Task statement:
Your response to the data below should hold nothing except the lines from the one containing "this 1500×1125 image." down to the one containing "Some of the text", reproduced exactly and without pictures.
━━ The input
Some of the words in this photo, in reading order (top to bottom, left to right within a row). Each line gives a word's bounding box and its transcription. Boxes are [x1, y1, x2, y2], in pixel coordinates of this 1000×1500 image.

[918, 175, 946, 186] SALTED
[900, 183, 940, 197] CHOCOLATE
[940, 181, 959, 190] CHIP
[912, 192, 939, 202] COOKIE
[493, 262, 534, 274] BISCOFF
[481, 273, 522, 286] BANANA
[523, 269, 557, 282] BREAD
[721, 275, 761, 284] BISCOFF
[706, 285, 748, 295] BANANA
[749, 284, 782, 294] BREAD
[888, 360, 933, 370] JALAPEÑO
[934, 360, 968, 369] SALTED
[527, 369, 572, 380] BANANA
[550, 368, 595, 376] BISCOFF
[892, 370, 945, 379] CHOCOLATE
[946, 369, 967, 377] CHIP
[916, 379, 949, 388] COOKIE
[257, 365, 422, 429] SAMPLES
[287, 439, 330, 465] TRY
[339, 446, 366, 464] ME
━━━━
━━ The input
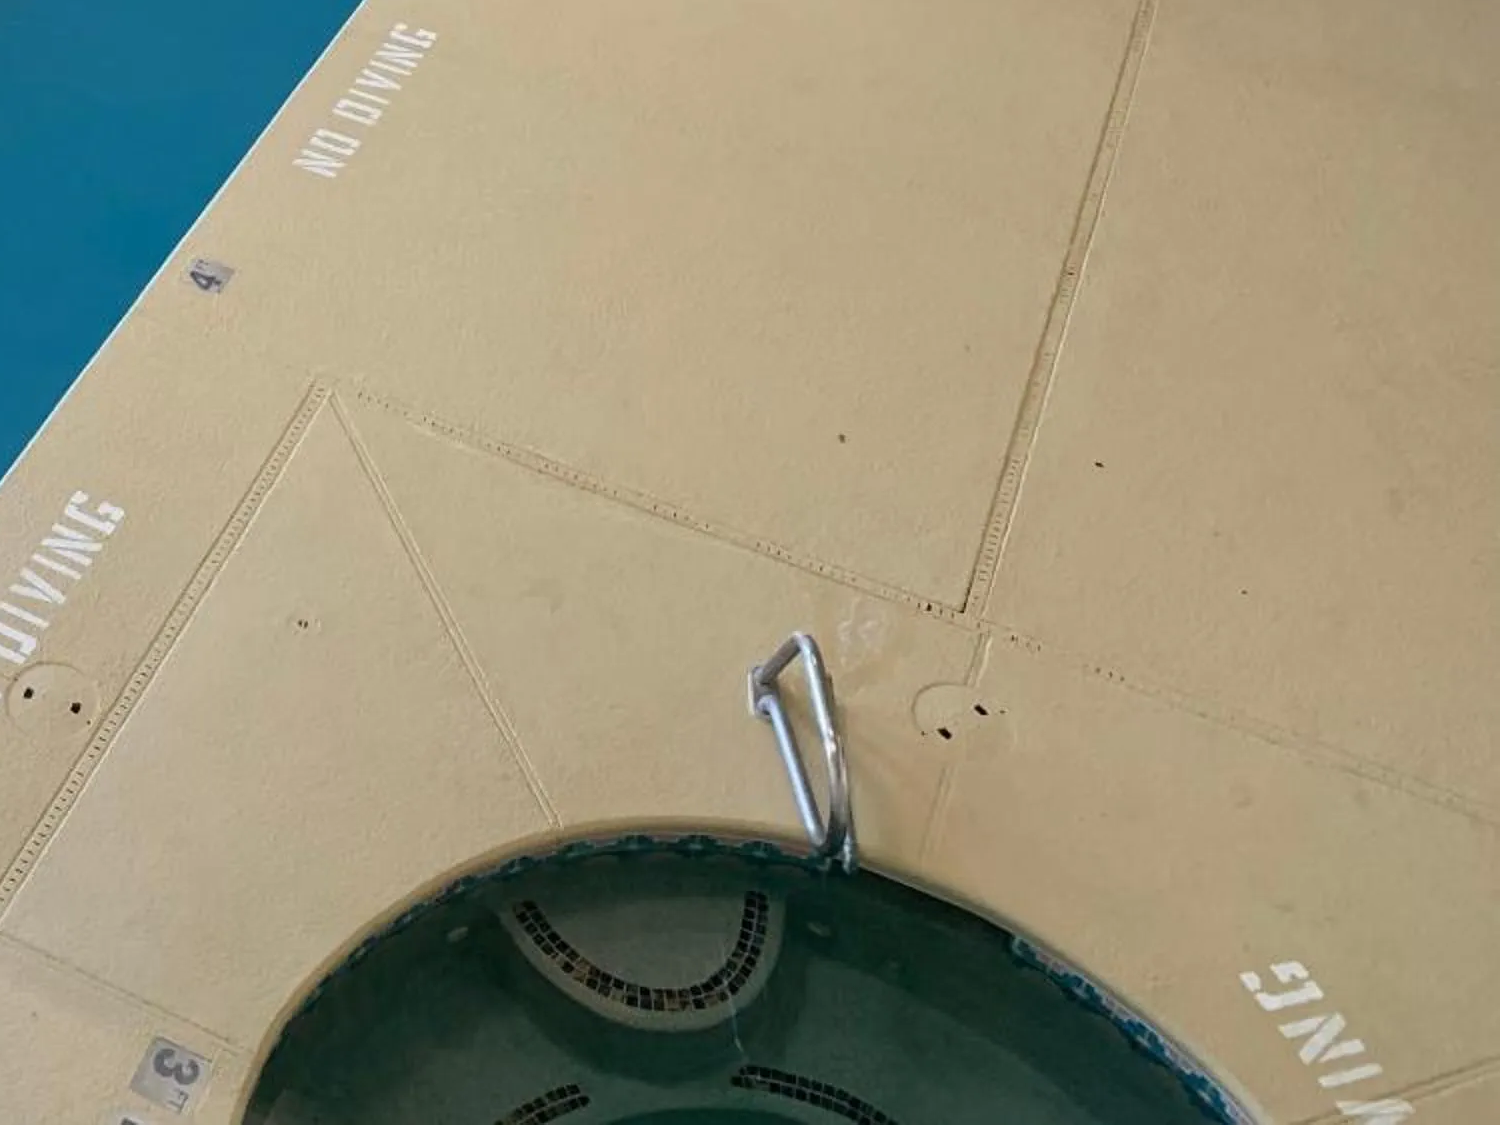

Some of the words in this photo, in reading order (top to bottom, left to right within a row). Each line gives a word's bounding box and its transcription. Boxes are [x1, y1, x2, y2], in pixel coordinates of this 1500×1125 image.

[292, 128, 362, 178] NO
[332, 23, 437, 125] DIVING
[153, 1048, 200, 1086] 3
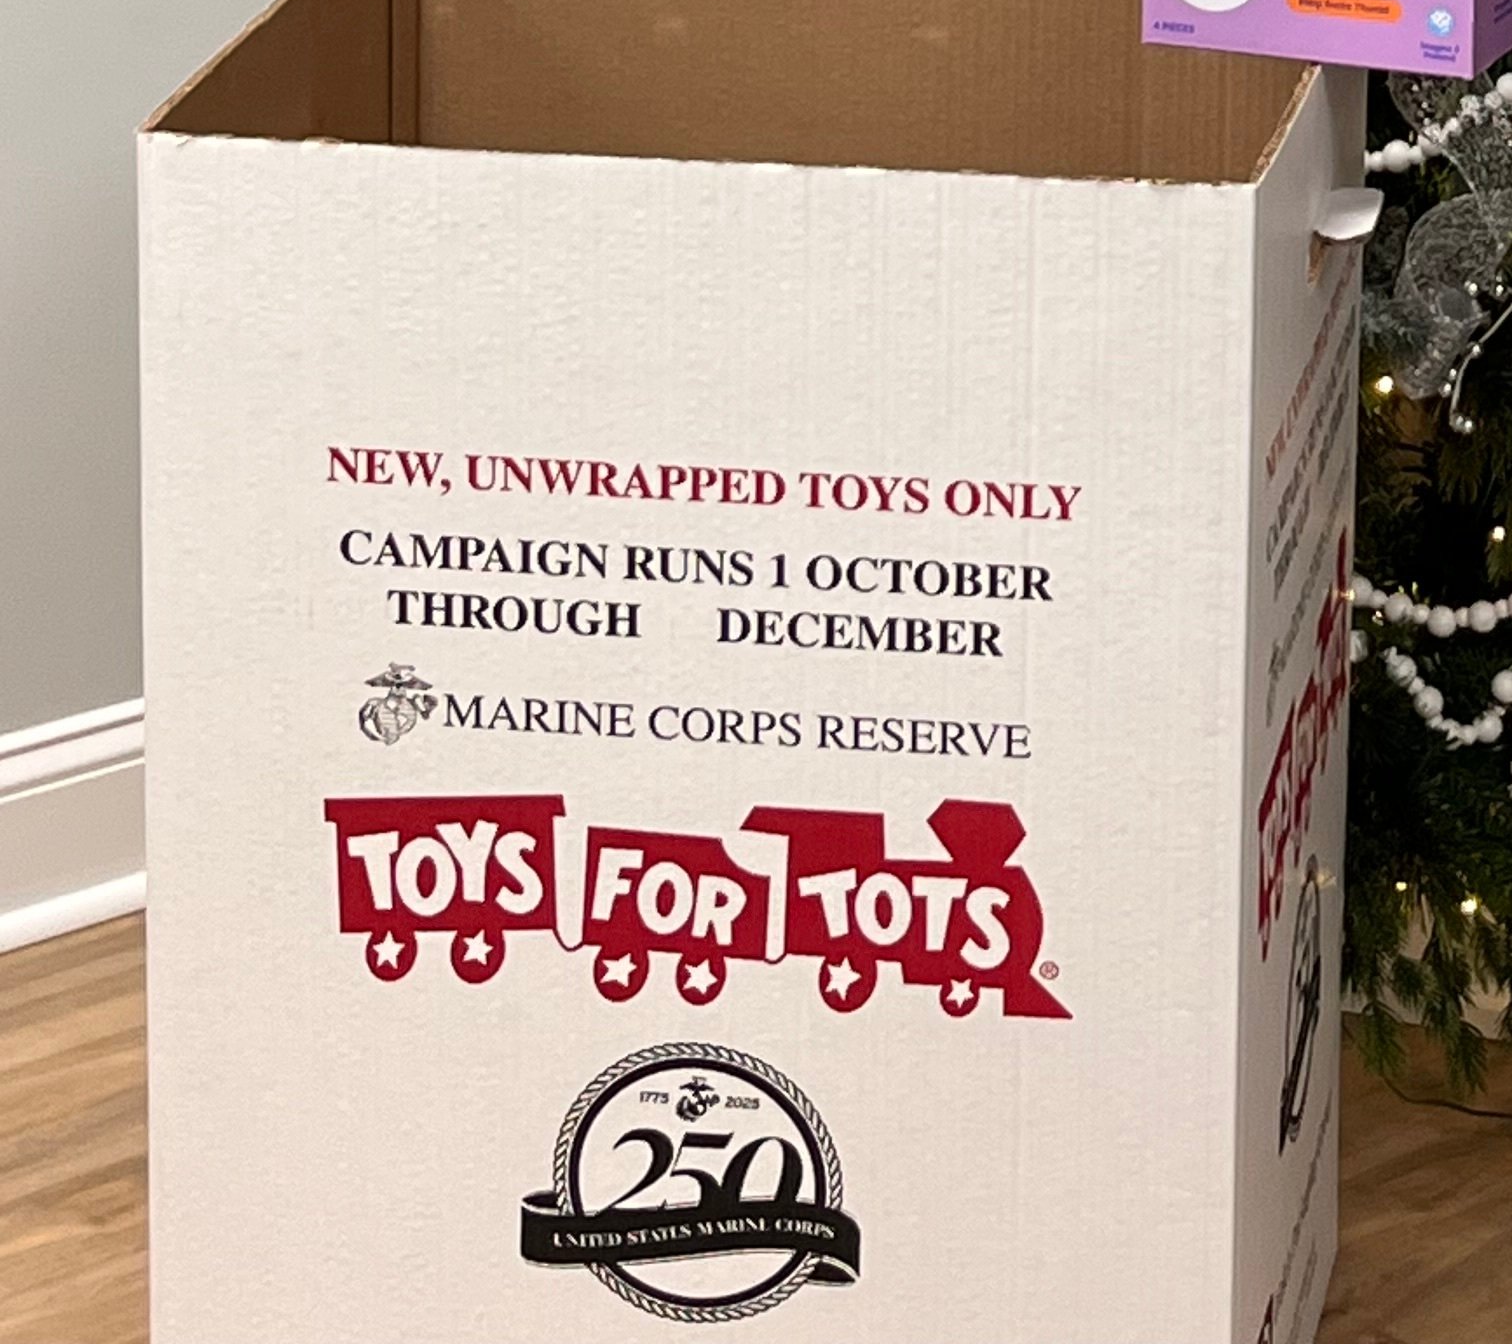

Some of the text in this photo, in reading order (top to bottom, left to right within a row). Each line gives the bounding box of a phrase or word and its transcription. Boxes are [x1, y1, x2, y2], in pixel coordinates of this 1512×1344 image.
━━━━
━━ The input
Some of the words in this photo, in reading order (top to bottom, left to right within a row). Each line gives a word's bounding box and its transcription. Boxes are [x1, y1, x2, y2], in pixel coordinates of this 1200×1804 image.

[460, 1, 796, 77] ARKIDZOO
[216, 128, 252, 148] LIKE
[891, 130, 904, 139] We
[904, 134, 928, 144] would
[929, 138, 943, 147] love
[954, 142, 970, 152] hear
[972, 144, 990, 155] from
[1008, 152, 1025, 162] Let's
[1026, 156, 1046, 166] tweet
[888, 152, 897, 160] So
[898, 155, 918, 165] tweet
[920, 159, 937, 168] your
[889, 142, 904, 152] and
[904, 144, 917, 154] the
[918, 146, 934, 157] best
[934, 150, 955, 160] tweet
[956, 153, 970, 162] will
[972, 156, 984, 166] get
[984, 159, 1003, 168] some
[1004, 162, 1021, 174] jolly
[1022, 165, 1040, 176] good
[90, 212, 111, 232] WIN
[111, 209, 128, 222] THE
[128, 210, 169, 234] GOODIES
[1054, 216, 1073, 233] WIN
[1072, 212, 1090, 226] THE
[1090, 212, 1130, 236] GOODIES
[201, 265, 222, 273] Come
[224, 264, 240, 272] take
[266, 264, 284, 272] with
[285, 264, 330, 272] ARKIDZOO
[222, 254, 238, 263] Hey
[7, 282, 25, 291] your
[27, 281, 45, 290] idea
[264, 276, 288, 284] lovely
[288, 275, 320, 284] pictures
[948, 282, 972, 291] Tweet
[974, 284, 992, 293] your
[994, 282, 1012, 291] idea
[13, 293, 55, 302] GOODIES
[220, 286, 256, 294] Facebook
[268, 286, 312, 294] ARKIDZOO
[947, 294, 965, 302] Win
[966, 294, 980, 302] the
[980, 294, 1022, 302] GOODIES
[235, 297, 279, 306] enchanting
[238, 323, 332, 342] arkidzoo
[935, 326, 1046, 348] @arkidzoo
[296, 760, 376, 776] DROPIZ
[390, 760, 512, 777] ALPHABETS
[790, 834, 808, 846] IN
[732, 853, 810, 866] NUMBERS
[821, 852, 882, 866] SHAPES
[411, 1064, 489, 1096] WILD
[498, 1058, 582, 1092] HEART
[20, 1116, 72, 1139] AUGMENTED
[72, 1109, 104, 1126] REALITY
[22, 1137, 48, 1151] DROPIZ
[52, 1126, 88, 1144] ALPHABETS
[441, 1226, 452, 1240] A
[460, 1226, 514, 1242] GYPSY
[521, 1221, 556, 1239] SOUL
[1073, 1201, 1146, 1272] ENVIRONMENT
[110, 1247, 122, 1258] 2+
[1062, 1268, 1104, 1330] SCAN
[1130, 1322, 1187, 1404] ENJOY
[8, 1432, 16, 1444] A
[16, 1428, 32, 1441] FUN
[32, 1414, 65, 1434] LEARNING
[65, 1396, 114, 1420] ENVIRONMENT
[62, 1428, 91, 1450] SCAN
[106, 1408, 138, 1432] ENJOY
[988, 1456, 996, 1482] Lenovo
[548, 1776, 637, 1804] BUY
━━━━
Response area:
Some of the words in this photo, in reading order (top to bottom, left to right within a row). Each line gives a word's bounding box and its transcription. Boxes are [x1, y1, x2, y2], in pixel coordinates of this 1500×1125 image.

[292, 128, 362, 178] NO
[332, 23, 437, 125] DIVING
[153, 1048, 200, 1086] 3

Some of the text in this photo, in reading order (top to bottom, left to right within a row). Each line gives the bounding box of a phrase or word and its transcription. Boxes are [x1, y1, x2, y2], in pixel coordinates of this 1512×1344 image.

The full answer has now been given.